Compared to Seminyak, Canggu delivers 1.5–2.5 percentage points higher net yield on equivalent villa types, driven by stronger year-round digital nomad demand and lower land entry costs. Ubud villas produce comparable gross yields but require active marketing toward wellness and cultural tourism segments and carry higher seasonality risk during the March–April wet season. Sanur offers the most stable occupancy curve (strong domestic Indonesian market) but at the lowest entry yields — typically 5–8% net — due to lower nightly rate potential.

For investors evaluating a Canggu villa acquisition in 2026, Solar Property offers portfolio benchmarking including comparable listing analysis, current occupancy data by location and villa size, and full cost modeling. Reach out through the villa rental or investment sections of this site for a no-commitment consultation with the team managing 16+ active villas across Bali.

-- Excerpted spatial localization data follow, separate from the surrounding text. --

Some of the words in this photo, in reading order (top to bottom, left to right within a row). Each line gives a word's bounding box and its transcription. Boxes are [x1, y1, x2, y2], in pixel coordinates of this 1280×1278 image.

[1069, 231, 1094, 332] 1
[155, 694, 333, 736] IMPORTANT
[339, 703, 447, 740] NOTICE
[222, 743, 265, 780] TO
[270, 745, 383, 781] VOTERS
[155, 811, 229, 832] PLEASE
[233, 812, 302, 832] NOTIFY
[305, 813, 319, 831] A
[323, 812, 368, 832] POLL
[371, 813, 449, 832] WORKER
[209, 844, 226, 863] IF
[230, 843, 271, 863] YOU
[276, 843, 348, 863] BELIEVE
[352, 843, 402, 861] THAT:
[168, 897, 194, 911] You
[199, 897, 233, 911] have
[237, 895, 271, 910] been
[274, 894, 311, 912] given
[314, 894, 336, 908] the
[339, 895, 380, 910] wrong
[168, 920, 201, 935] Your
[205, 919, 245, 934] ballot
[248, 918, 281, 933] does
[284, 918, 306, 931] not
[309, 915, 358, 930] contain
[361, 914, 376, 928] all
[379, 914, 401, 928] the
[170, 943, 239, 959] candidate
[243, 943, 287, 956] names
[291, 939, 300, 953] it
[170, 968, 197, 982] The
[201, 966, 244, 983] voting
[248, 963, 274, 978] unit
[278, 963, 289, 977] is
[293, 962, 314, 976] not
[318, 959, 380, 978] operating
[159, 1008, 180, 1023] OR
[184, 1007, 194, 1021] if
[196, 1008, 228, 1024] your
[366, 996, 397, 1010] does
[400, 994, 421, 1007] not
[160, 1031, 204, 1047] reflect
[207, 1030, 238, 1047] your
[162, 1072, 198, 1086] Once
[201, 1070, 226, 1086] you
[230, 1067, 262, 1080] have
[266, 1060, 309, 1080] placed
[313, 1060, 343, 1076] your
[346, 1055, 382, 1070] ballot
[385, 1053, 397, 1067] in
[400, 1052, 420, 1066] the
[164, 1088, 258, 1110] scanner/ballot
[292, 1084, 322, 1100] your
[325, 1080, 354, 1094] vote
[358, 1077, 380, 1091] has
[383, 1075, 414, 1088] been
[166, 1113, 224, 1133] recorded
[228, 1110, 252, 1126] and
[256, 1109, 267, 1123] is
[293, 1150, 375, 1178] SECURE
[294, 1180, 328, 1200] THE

Frequently Asked Questions

How much does it cost to manage a villa in Canggu?
Standard management fees in Canggu run 15-20% of gross rental revenue. On a 2-bedroom villa generating USD 40,000 annually, that equals USD 6,000-8,000 per year. This covers OTA listing management on Airbnb, Booking.com, and Agoda; dynamic pricing optimization; housekeeping coordination; and monthly owner reporting. OTA platform commissions — Airbnb 3%, Booking.com 15-20% — apply separately on top of the management fee and must be factored into net yield calculations.
What net yield can I expect from a Canggu villa investment?
Net yields for professionally managed Canggu villas range from 7.7% to 15% depending on location, villa size, and management quality. A 2-bedroom villa in central Canggu acquired for USD 220,000 typically nets USD 17,000-23,000 per year after all operating costs. 4-bedroom villas in Pererenan deliver the strongest yields — 9.3-15% — because entry prices are 20-30% lower than central Canggu while nightly rental rates remain competitive.
What legal structure is best for buying a Canggu villa as a foreigner?
Most foreign investors use a leasehold structure (hak sewa) with 25-30 year terms — the most accessible option requiring no Indonesian company setup. PT PMA (foreign-owned company) suits buyers acquiring multiple properties or planning 30-plus year holding periods. Nominee arrangements carry legal risk and are not recommended under Indonesian property law. Budget USD 1,500-3,000 for notary and legal fees on a standard Canggu leasehold transaction.
When is peak season in Canggu and how much does it affect rental rates?
Canggu has two peak periods: July-August and December 20-January 5. Well-positioned villas reach 88-95% occupancy during these windows with nightly rates 40-60% above annual baseline. For a 3-bedroom villa, these roughly 10 combined peak weeks account for 35-40% of total annual gross revenue. Booking windows for peak season typically open 4-6 months in advance on Airbnb — leaving peak inventory at static prices costs real money.